__GOAL OF THE EXERCISE__.
Reproduce the data below in full and to the letter, images excepted.
━━━━━ EXCERPTED RECORDS ━━━━━
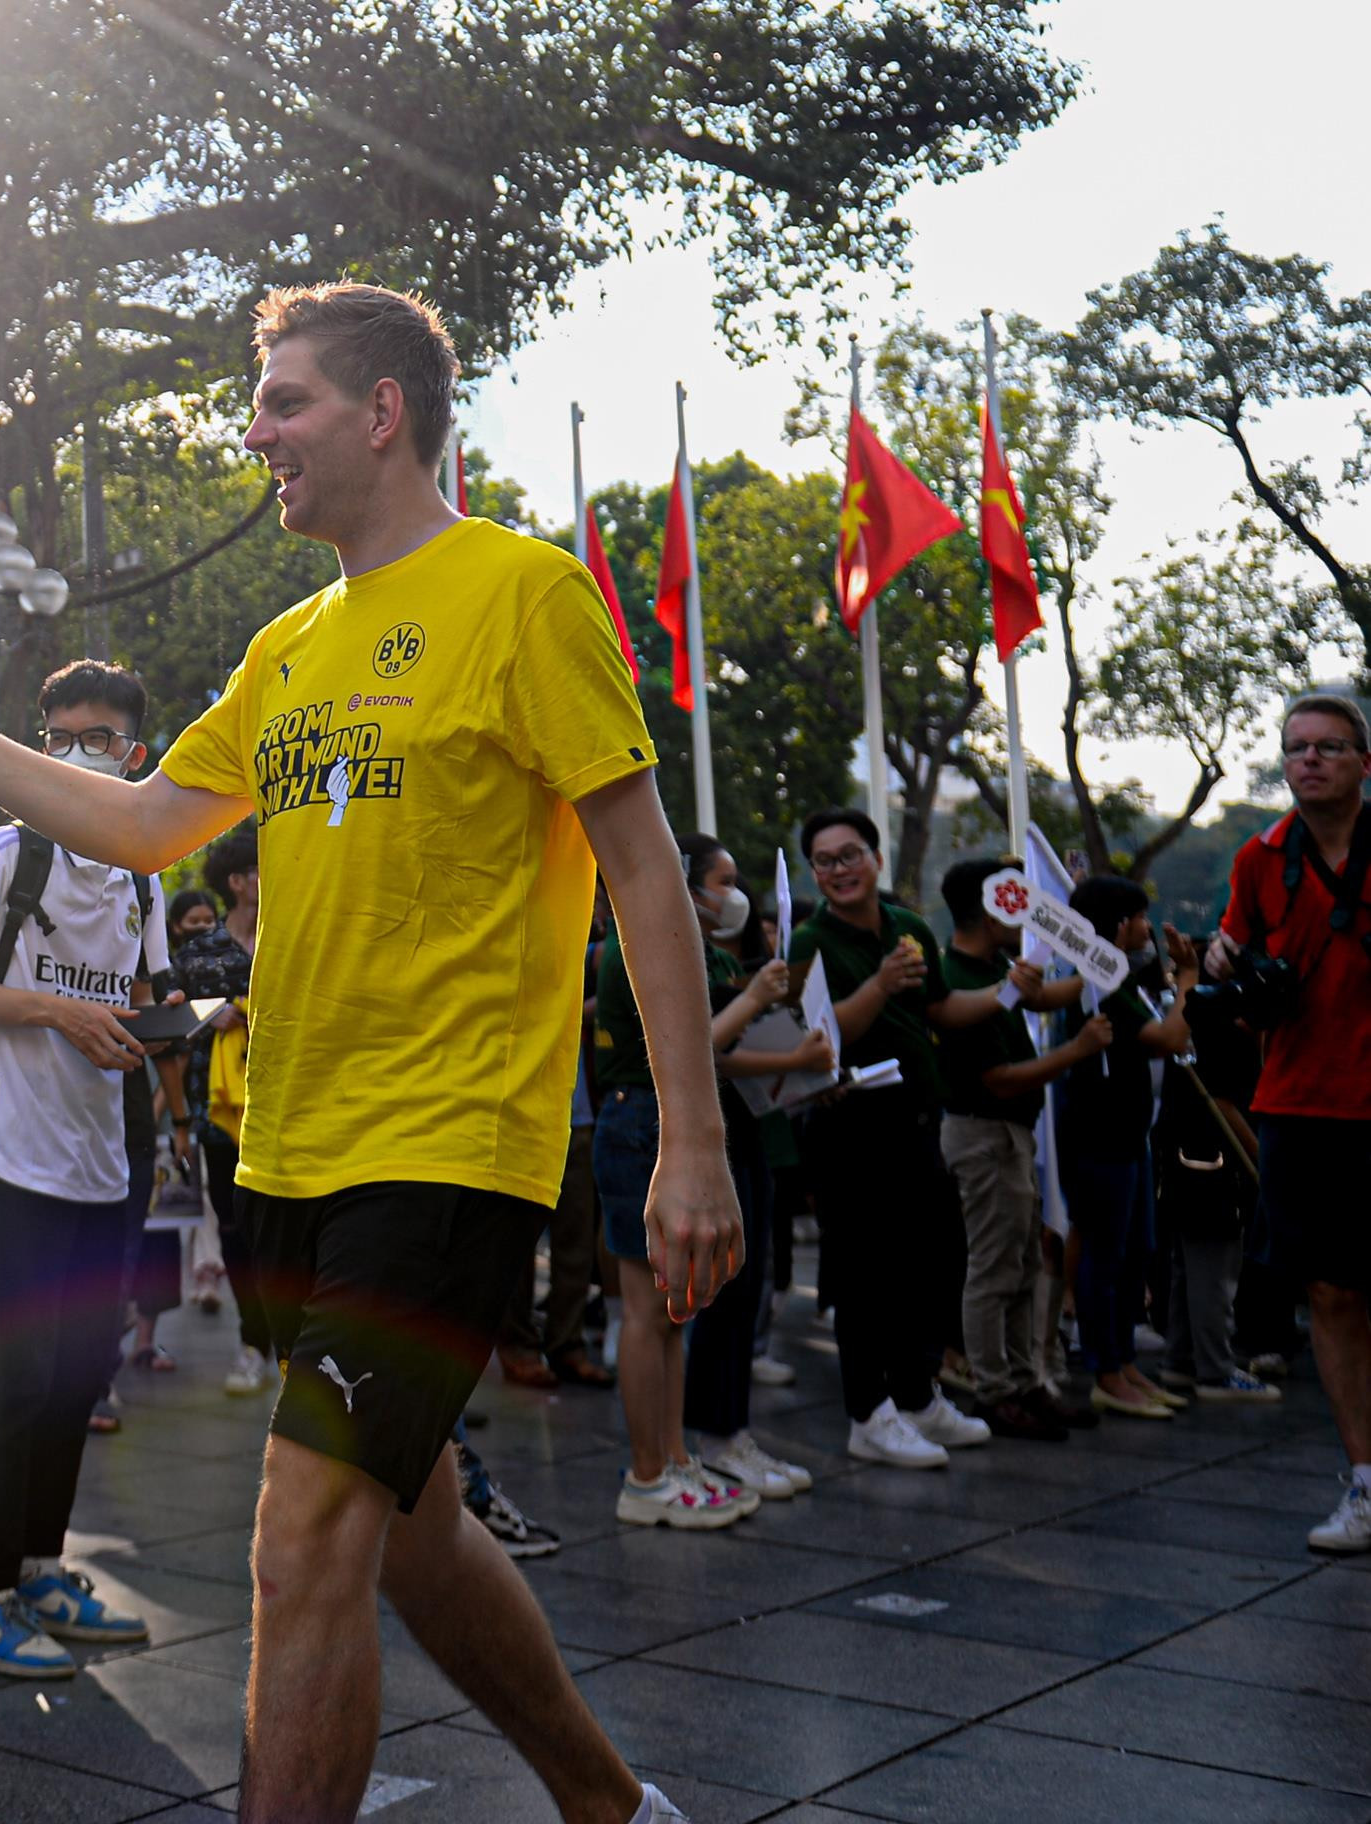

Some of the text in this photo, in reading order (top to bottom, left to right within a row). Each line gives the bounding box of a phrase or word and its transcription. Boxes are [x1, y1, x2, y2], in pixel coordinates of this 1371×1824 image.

[378, 627, 419, 662] BVB
[385, 661, 400, 673] 09
[364, 696, 414, 708] EVONIK
[309, 759, 403, 802] LVE!
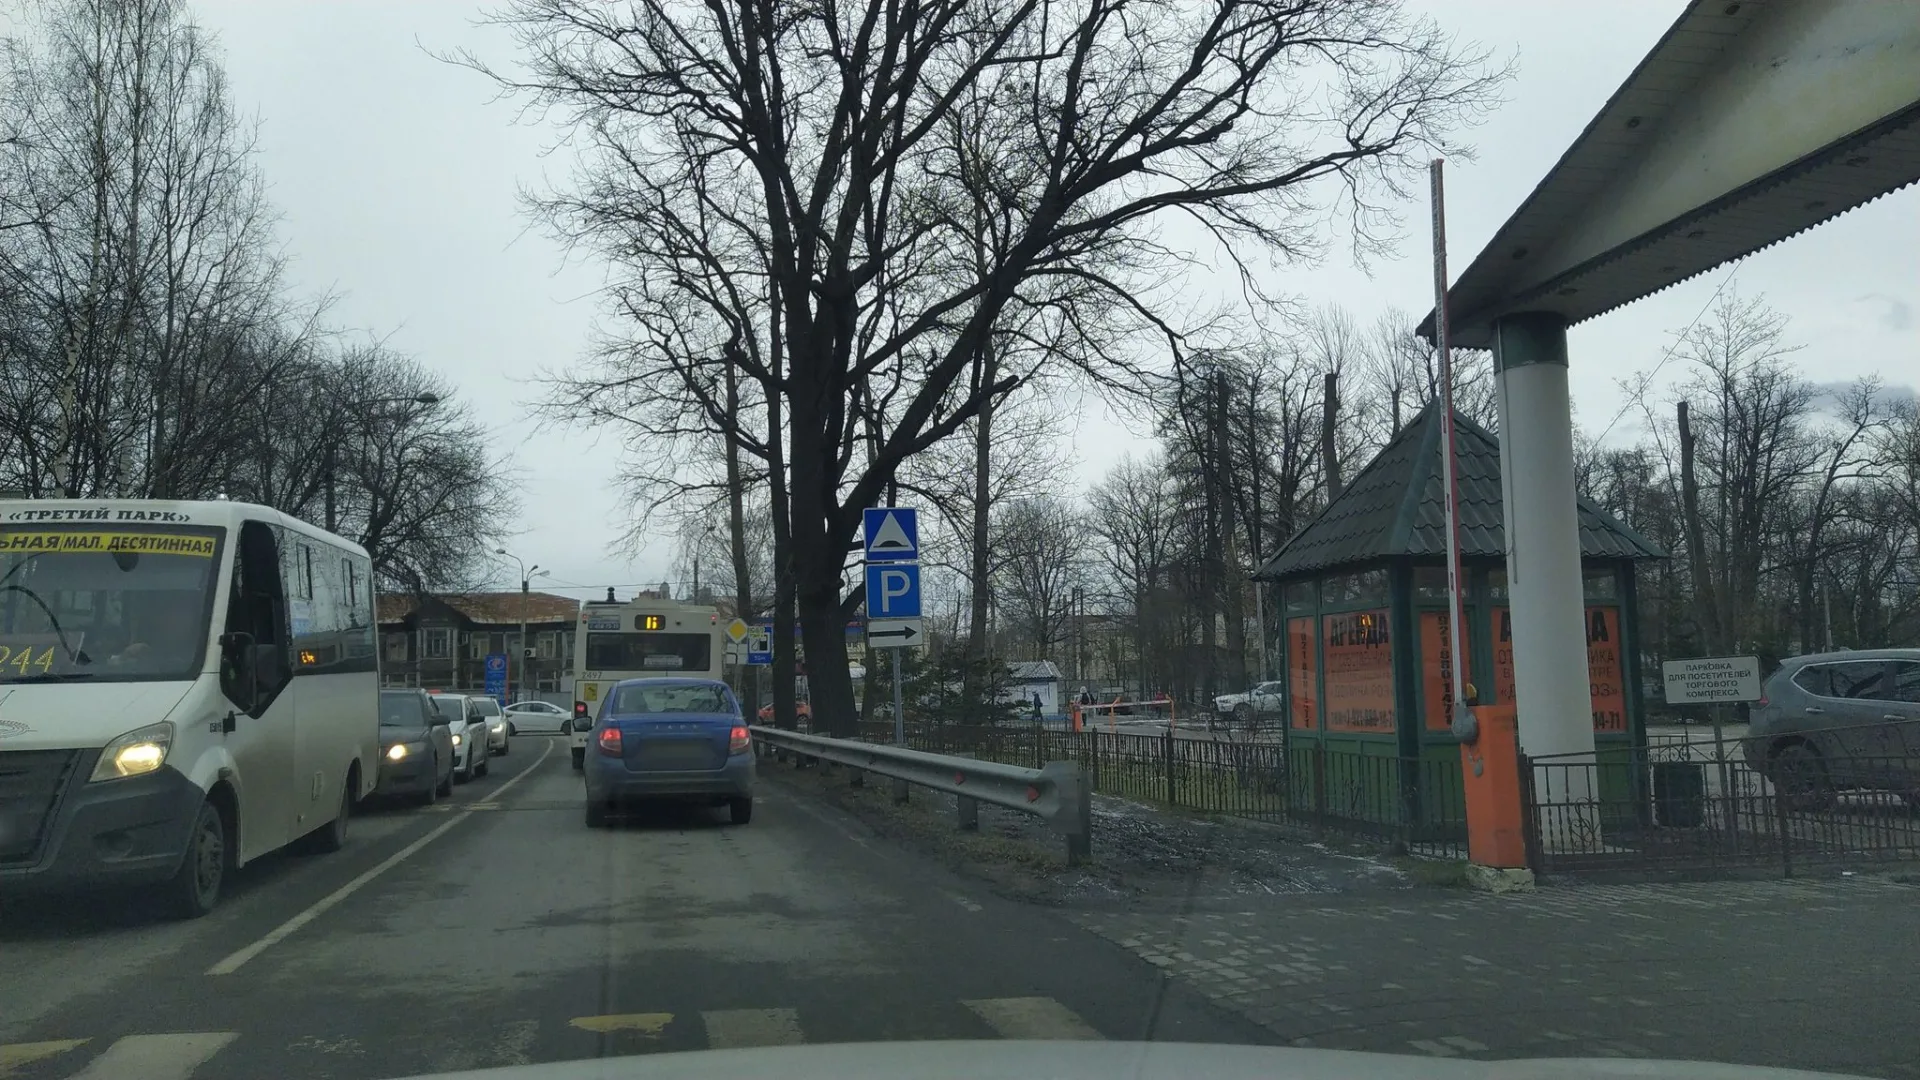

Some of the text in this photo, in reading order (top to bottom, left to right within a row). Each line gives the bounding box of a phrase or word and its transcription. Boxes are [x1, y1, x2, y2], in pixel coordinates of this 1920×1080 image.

[9, 507, 110, 521] «ТРЕТИЙ
[116, 510, 191, 523] ПАРК»
[63, 536, 213, 554] МАЛ. ДЕСЯТИННАЯ
[1686, 662, 1732, 671] ПАРКОВКА
[1668, 669, 1752, 682] ДЛЯ ПОСЕТИТЕЛЕЙ
[1685, 680, 1738, 689] ТОРГОВОГО
[1686, 689, 1740, 698] КОМПЛЕКСА
━━━━━
__THE ANSWER__.
Some of the text in this photo, in reading order (top to bottom, left to right within a row). Each line gives the bounding box of a phrase or word and its transcription. Boxes are [x1, y1, x2, y2], in pixel coordinates of this 1371×1824 image.

[378, 627, 419, 662] BVB
[385, 661, 400, 673] 09
[364, 696, 414, 708] EVONIK
[309, 759, 403, 802] LVE!

Some of the text in this photo, in reading order (top to bottom, left to right within a row). Each line gives the bounding box of a phrase or word and its transcription. Boxes are [x1, y1, x2, y2], in pixel coordinates of this 1920×1080 image.

[9, 507, 110, 521] «ТРЕТИЙ
[116, 510, 191, 523] ПАРК»
[63, 536, 213, 554] МАЛ. ДЕСЯТИННАЯ
[1686, 662, 1732, 671] ПАРКОВКА
[1668, 669, 1752, 682] ДЛЯ ПОСЕТИТЕЛЕЙ
[1685, 680, 1738, 689] ТОРГОВОГО
[1686, 689, 1740, 698] КОМПЛЕКСА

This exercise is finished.